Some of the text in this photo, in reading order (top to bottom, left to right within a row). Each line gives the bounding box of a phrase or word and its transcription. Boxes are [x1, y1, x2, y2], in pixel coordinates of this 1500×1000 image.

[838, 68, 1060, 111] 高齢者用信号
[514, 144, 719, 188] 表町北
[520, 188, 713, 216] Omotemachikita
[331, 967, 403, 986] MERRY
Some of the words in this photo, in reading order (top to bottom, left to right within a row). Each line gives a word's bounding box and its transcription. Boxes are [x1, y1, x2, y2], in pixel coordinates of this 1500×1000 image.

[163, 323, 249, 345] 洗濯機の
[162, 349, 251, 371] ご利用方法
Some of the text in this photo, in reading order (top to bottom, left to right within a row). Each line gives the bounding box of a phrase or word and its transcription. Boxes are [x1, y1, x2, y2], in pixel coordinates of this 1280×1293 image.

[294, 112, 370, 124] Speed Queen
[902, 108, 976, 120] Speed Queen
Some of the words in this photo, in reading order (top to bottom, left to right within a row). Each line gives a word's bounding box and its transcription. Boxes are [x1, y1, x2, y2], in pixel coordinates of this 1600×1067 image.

Brief
Copy out each record from above, exactly.

Output
Some of the text in this photo, in reading order (top to bottom, left to right within a row). Each line gives the bounding box of a phrase or word and its transcription. Boxes are [x1, y1, x2, y2], in pixel coordinates of this 1500×1000 image.

[838, 68, 1060, 111] 高齢者用信号
[514, 144, 719, 188] 表町北
[520, 188, 713, 216] Omotemachikita
[331, 967, 403, 986] MERRY
Some of the words in this photo, in reading order (top to bottom, left to right within a row). Each line gives a word's bounding box and its transcription. Boxes are [x1, y1, x2, y2], in pixel coordinates of this 1500×1000 image.

[163, 323, 249, 345] 洗濯機の
[162, 349, 251, 371] ご利用方法
Some of the text in this photo, in reading order (top to bottom, left to right within a row). Each line gives the bounding box of a phrase or word and its transcription. Boxes are [x1, y1, x2, y2], in pixel coordinates of this 1280×1293 image.

[294, 112, 370, 124] Speed Queen
[902, 108, 976, 120] Speed Queen
Some of the words in this photo, in reading order (top to bottom, left to right within a row). Each line gives a word's bounding box and its transcription. Boxes are [x1, y1, x2, y2], in pixel coordinates of this 1600×1067 image.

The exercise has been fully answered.